VHEEs are likely to be more expensive to produce than photons, but cheaper than protons. Depth-dose curves show that in addition to delivering the dose at depth, VHEEs should also be more resilient to unexpected tissue inhomogeneities than X‑rays.
VHEEs can also allow deep tumours to be precisely targeted by concentrating the dose in a small volume. This dose can be controlled, which may be an advantage for the treatment of radiation-resistant tumours. The ability to deliver the dose in a small spot can also benefit ultra-precision therapy, where very small areas of tissue need to be irradiated. In addition, the very low dose at entry and the low distal and proximal doses of VHEE focused beams can help minimise damage to healthy tissue and sensitive organs.
Clinical applications of this type of therapy are still some way off and much work still remains to be done to develop the laser and accelerator technology to make it suitable for the real world. We have called this irradiation modality « fast fractionation » and have started to study its biological effects.

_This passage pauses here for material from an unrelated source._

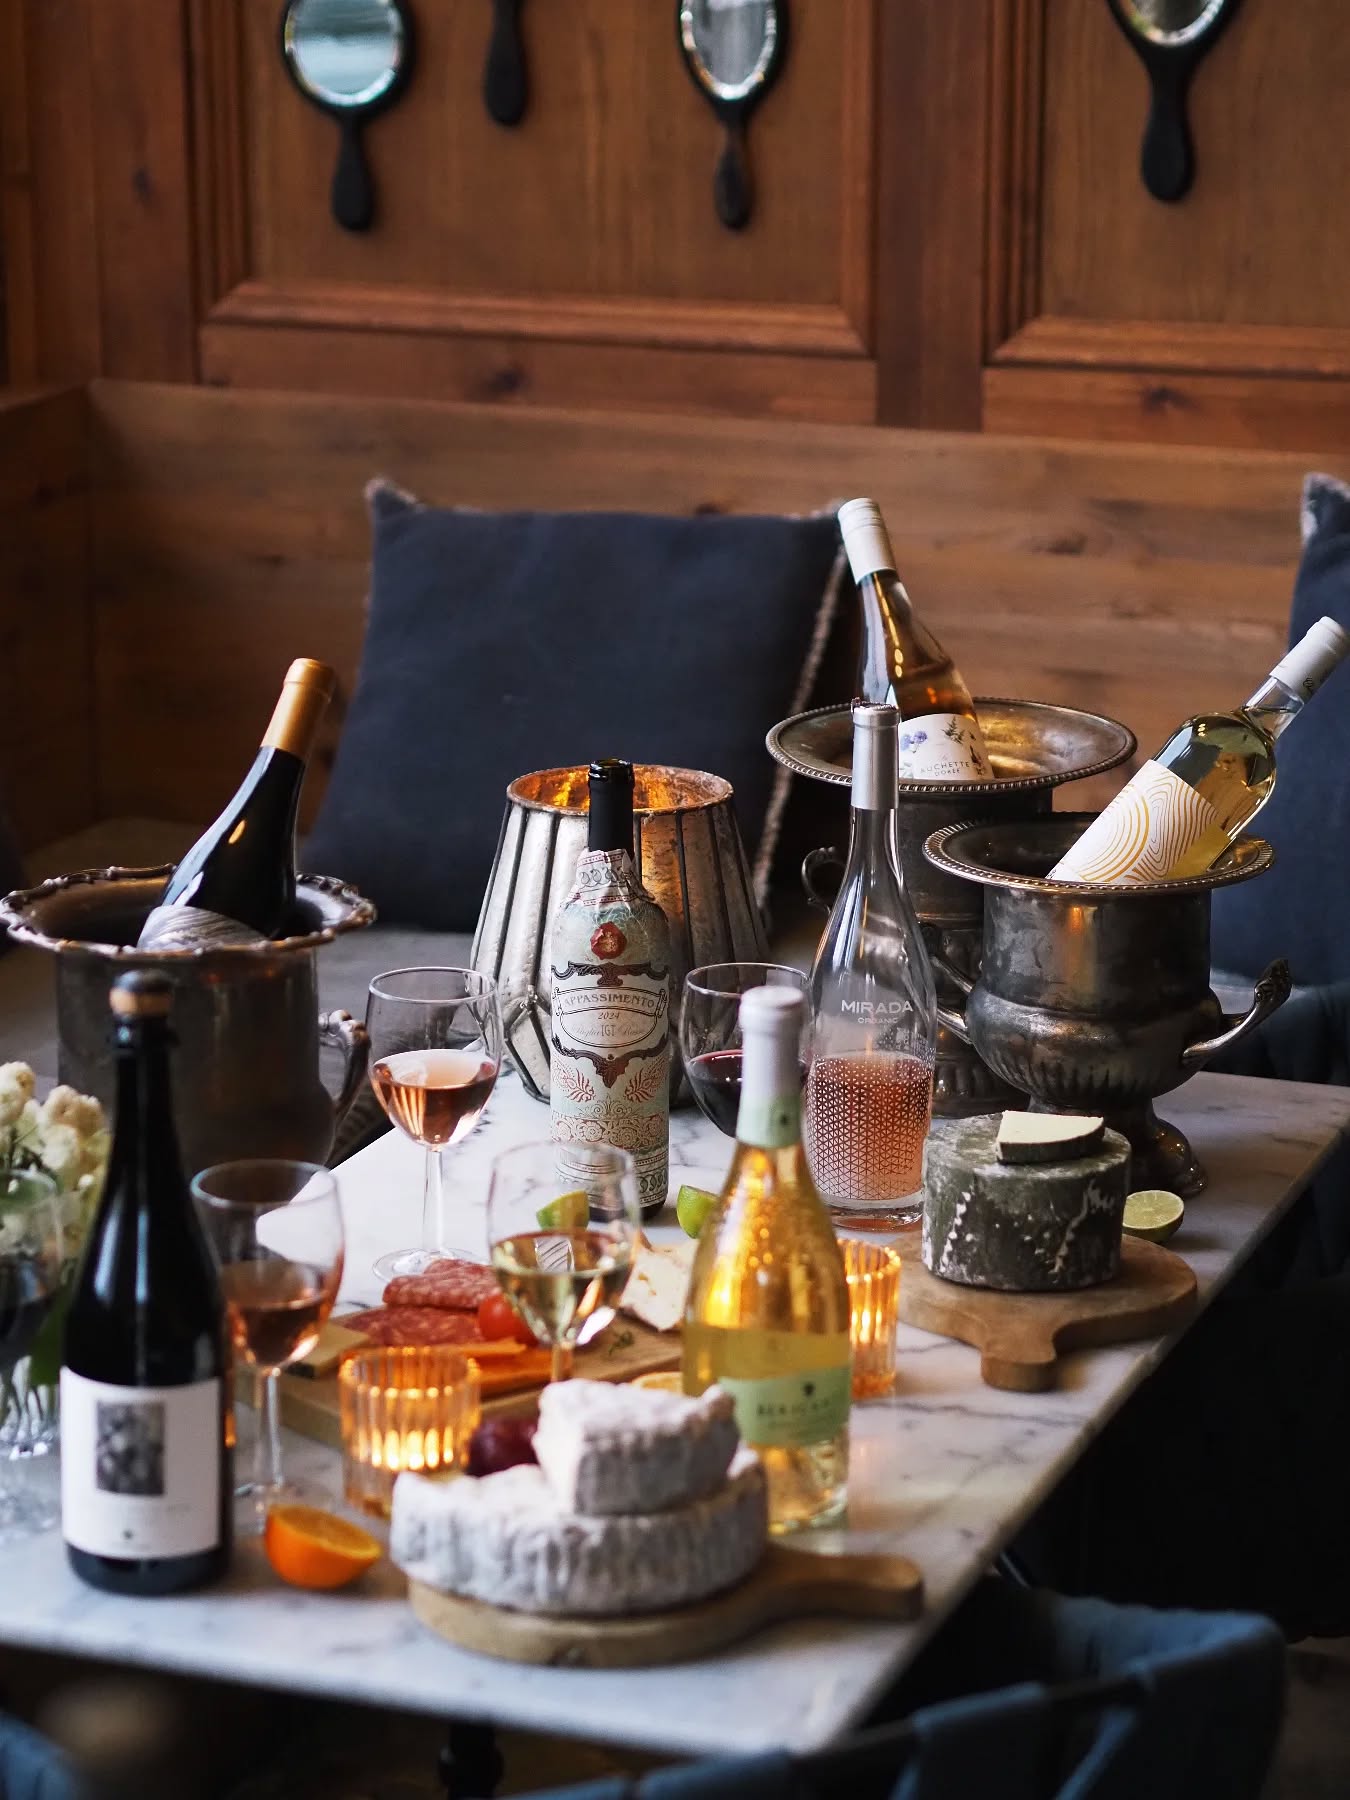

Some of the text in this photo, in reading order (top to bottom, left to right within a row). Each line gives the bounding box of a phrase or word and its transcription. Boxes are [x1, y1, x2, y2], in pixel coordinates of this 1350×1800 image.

Preliminary results show that the rate of laser pulses has an effect on the toxicity of ionising radiation: it is not only the duration of the flash but also the total dose of a single pulse that has an effect on toxicity. We are not able to explain the mechanisms behind the flash effect as yet, but our studies have only just begun. One thing is certain, it holds great promise for the development of highly effective radiotherapy.